EXERCISE GOAL: The records below are to be repeated exactly, and their pictures left out.
=======
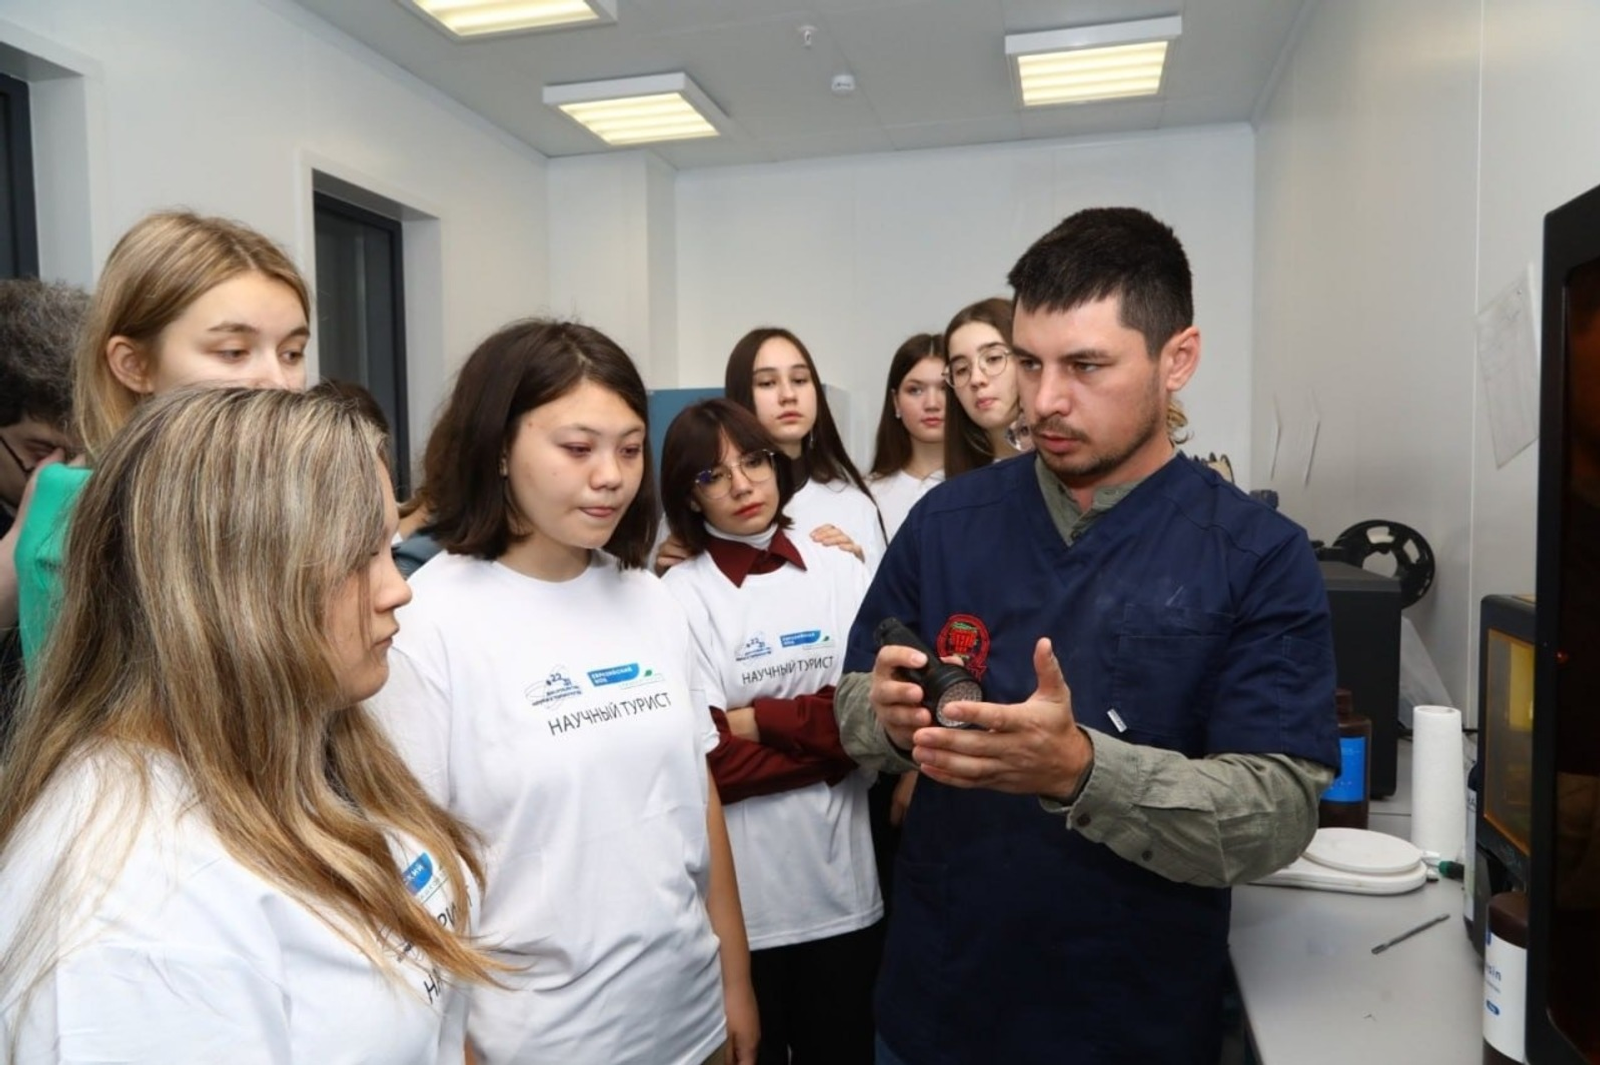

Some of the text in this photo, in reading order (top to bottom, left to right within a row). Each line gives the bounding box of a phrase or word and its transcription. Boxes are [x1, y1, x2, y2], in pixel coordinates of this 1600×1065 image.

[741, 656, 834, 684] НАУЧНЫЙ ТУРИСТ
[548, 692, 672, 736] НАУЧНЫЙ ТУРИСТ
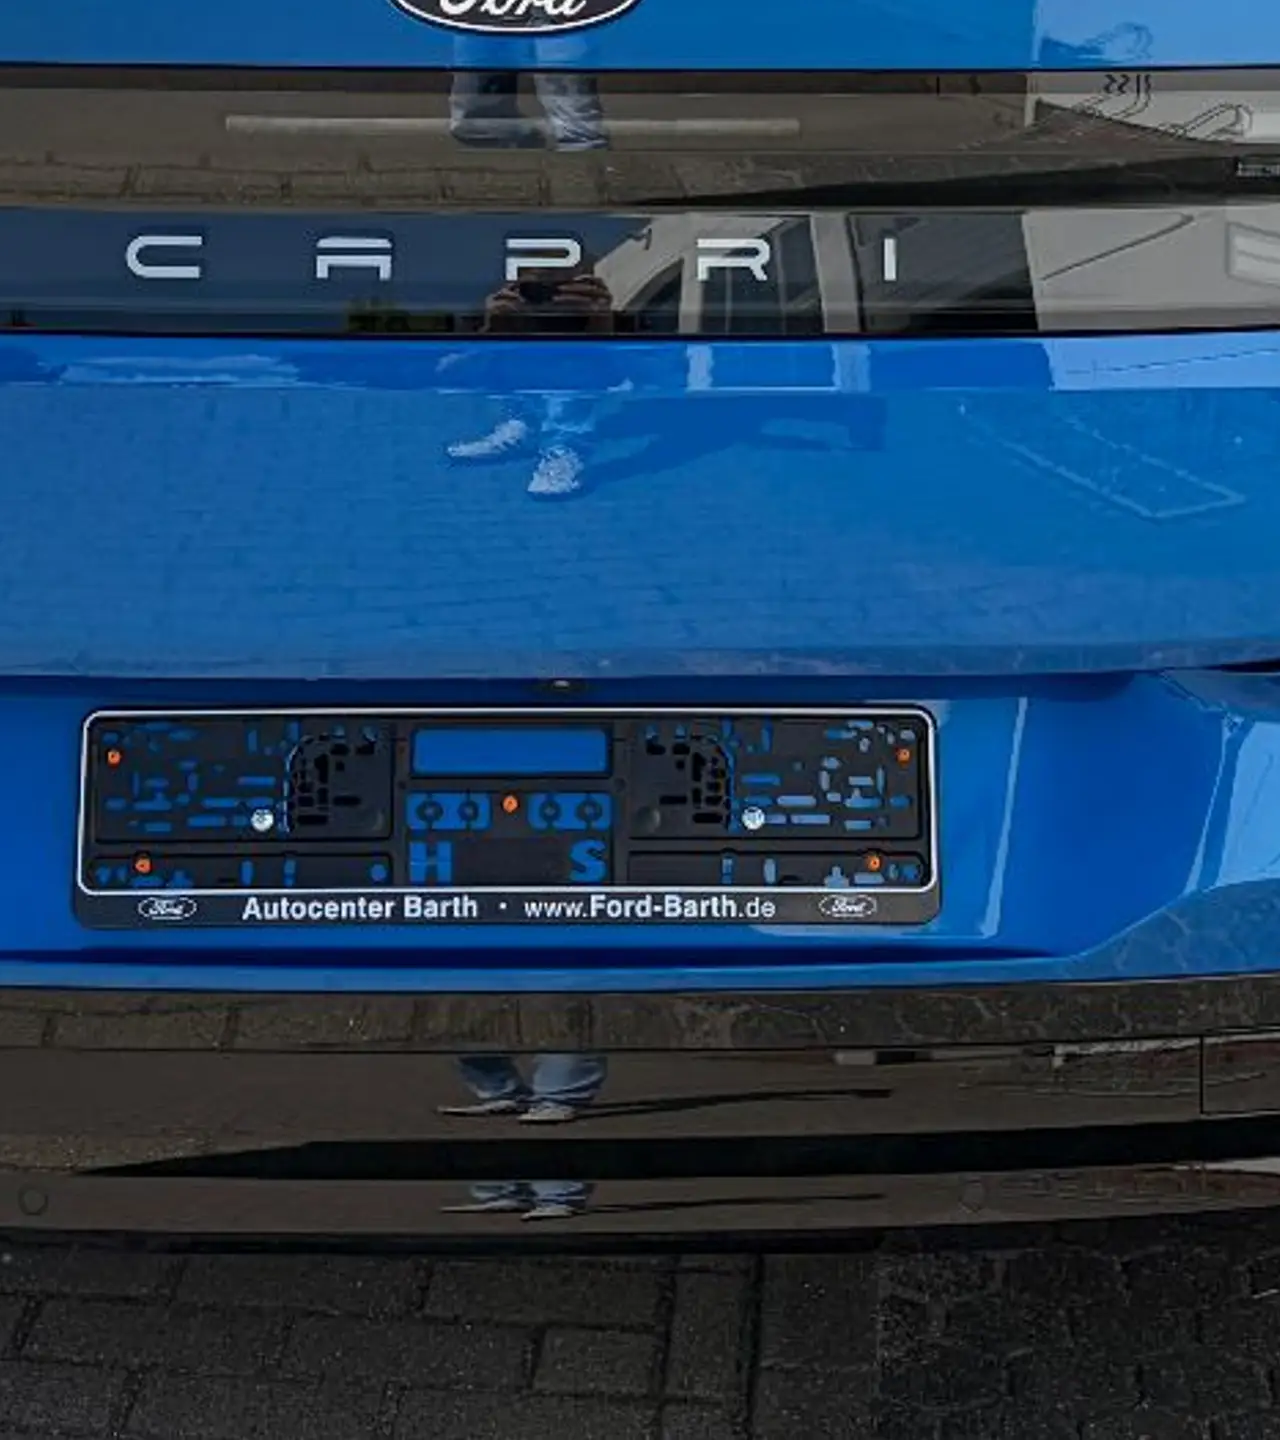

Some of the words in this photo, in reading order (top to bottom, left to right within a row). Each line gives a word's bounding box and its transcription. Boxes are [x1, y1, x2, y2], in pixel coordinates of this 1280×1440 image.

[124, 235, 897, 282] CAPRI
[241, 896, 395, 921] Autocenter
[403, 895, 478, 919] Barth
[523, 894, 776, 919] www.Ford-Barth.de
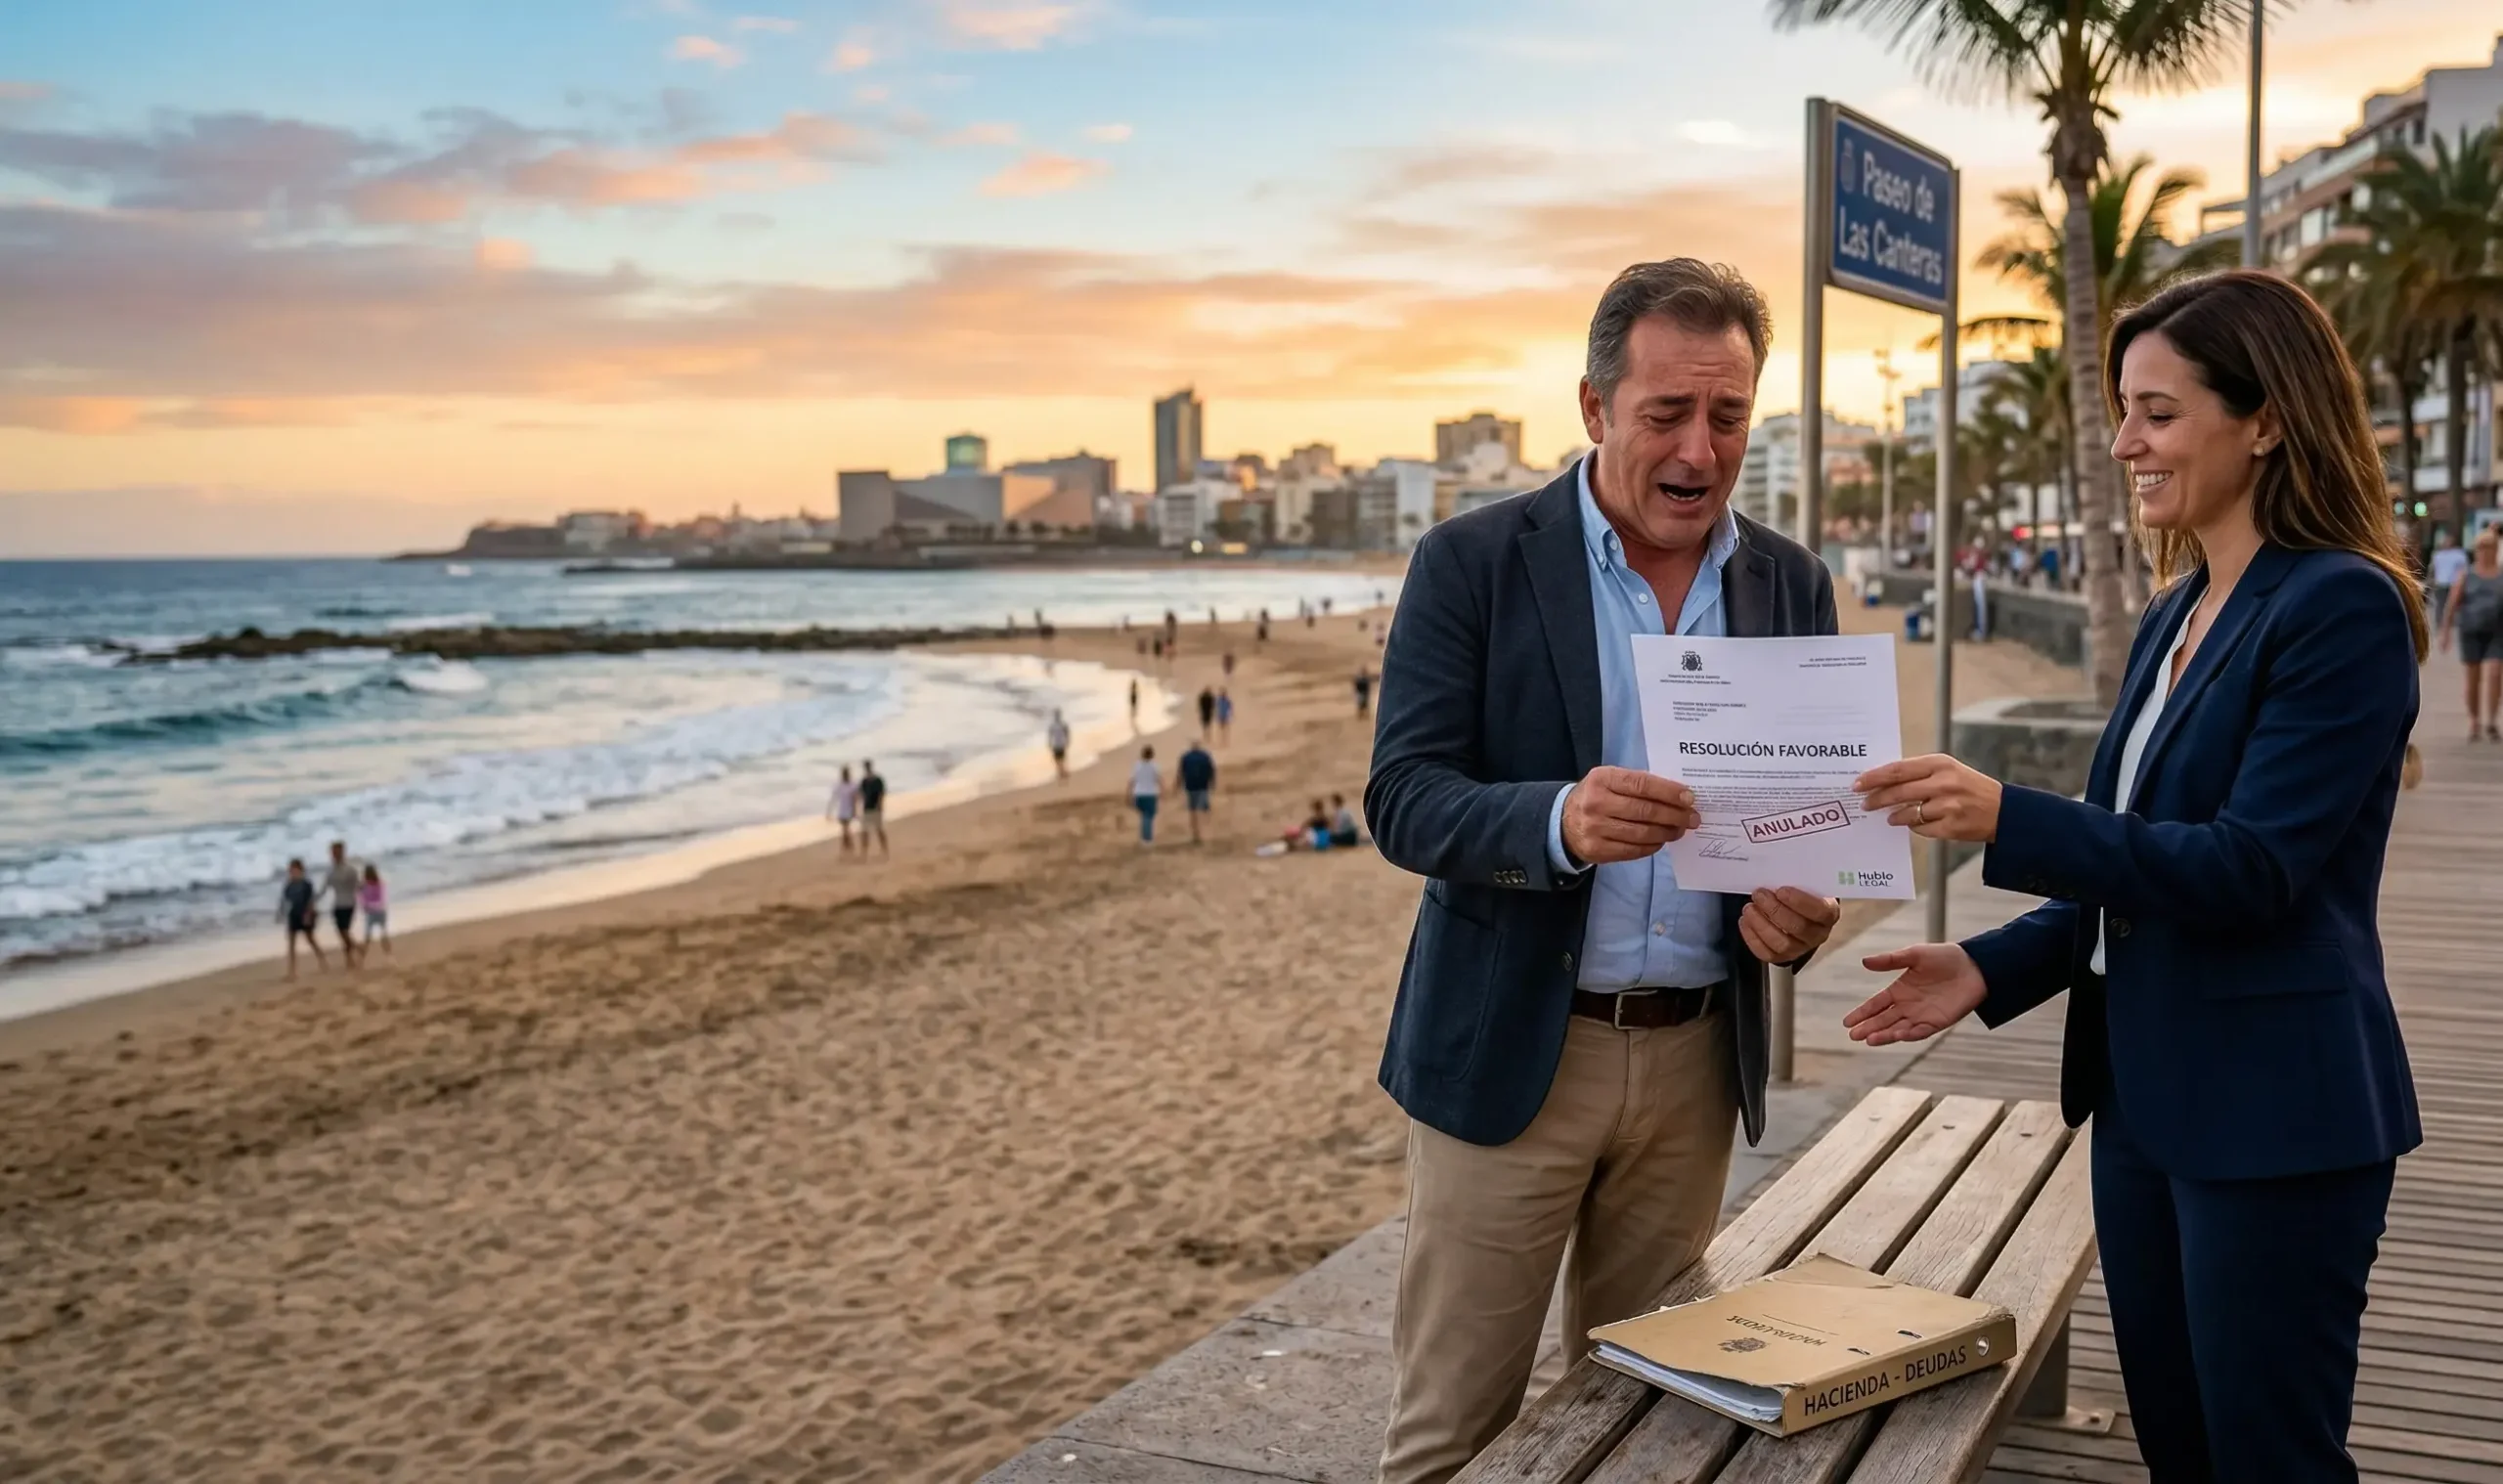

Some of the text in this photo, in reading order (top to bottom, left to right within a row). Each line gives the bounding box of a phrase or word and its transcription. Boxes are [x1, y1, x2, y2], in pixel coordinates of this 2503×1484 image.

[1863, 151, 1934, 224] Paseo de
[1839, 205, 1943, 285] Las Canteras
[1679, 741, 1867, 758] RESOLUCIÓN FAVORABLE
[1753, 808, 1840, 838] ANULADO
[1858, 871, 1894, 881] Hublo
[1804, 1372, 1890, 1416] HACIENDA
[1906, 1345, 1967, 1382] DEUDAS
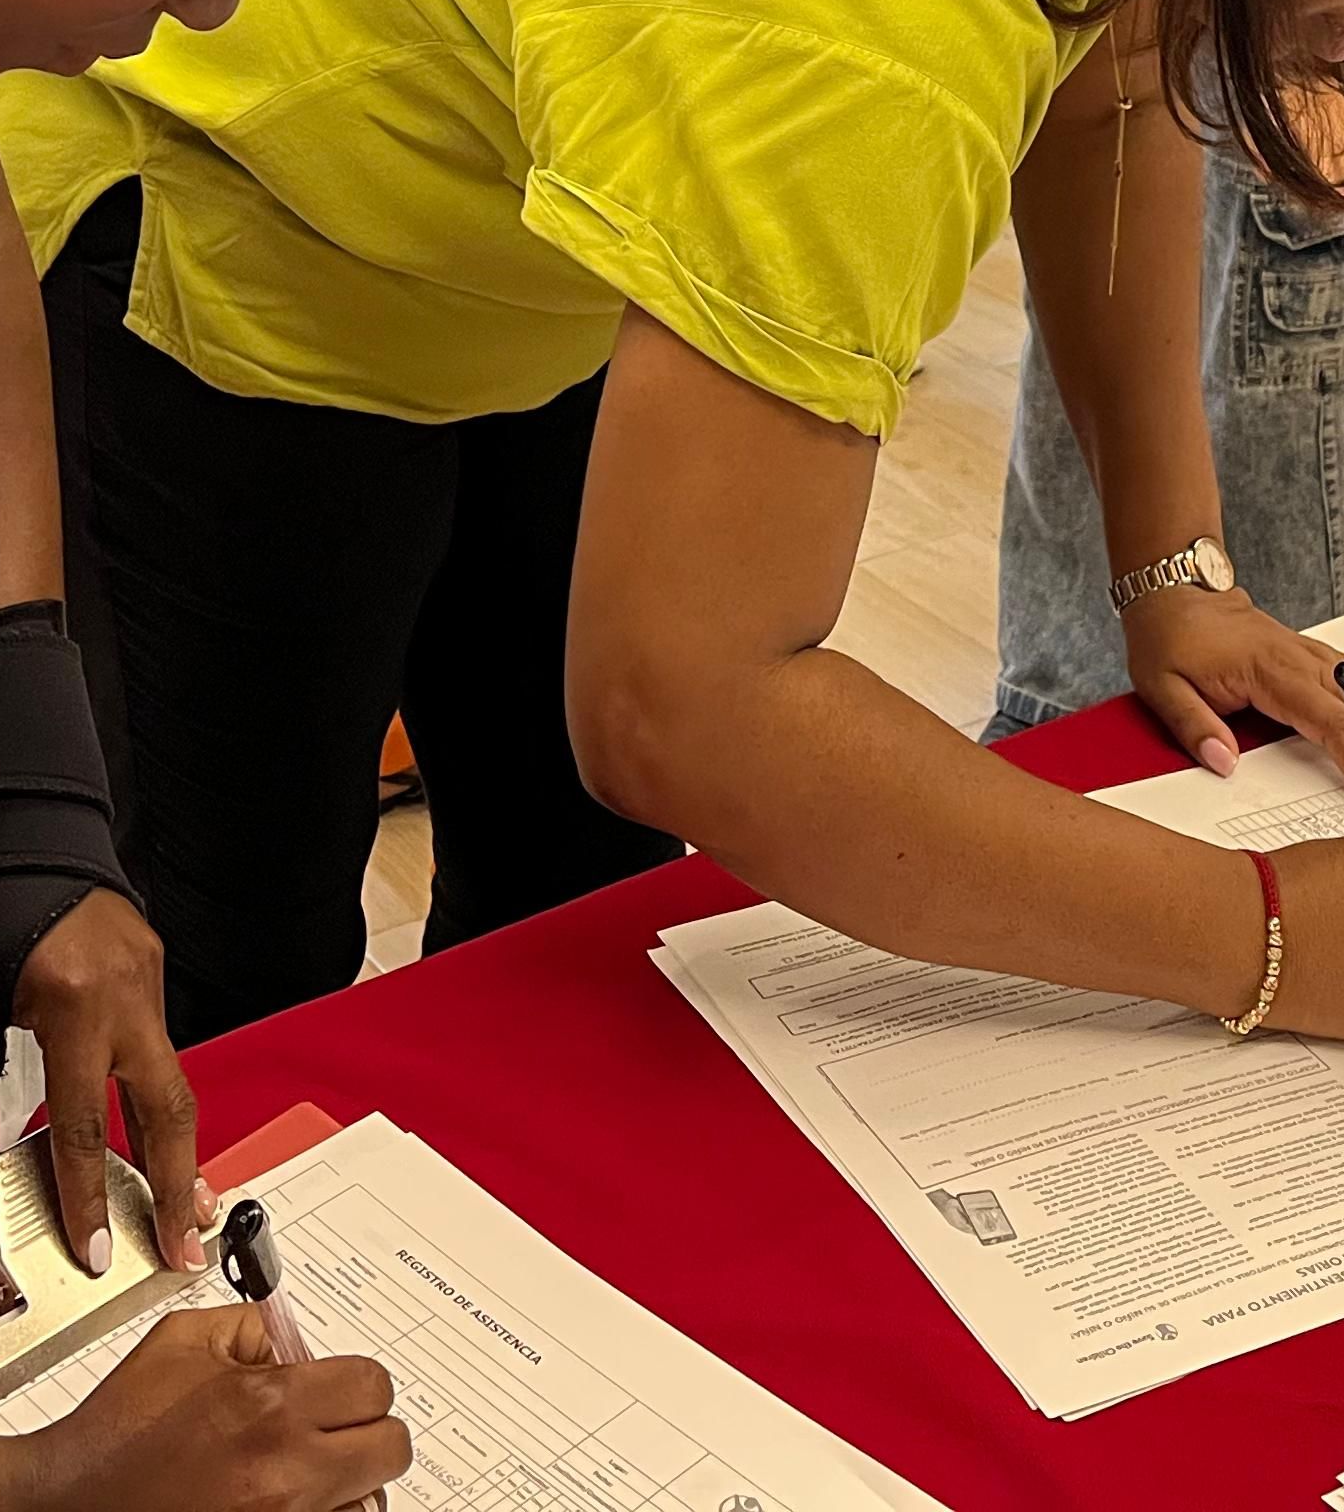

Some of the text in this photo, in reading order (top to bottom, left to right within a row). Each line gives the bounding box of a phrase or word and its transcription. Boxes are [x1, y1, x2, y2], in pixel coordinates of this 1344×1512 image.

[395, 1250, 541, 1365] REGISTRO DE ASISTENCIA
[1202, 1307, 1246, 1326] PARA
=======
SOLUTION BELOW:
Some of the text in this photo, in reading order (top to bottom, left to right within a row). Each line gives the bounding box of a phrase or word and its transcription. Boxes are [x1, y1, x2, y2], in pixel coordinates of this 1600×1065 image.

[741, 656, 834, 684] НАУЧНЫЙ ТУРИСТ
[548, 692, 672, 736] НАУЧНЫЙ ТУРИСТ

Some of the words in this photo, in reading order (top to bottom, left to right within a row). Each line gives a word's bounding box and its transcription. Boxes are [x1, y1, x2, y2], in pixel coordinates of this 1280×1440 image.

[124, 235, 897, 282] CAPRI
[241, 896, 395, 921] Autocenter
[403, 895, 478, 919] Barth
[523, 894, 776, 919] www.Ford-Barth.de

Some of the text in this photo, in reading order (top to bottom, left to right within a row). Each line gives the bounding box of a phrase or word and its transcription. Boxes are [x1, y1, x2, y2], in pixel coordinates of this 2503×1484 image.

[1863, 151, 1934, 224] Paseo de
[1839, 205, 1943, 285] Las Canteras
[1679, 741, 1867, 758] RESOLUCIÓN FAVORABLE
[1753, 808, 1840, 838] ANULADO
[1858, 871, 1894, 881] Hublo
[1804, 1372, 1890, 1416] HACIENDA
[1906, 1345, 1967, 1382] DEUDAS

Some of the text in this photo, in reading order (top to bottom, left to right within a row). Each line gives the bounding box of a phrase or word and its transcription. Boxes are [x1, y1, x2, y2], in pixel coordinates of this 1344×1512 image.

[395, 1250, 541, 1365] REGISTRO DE ASISTENCIA
[1202, 1307, 1246, 1326] PARA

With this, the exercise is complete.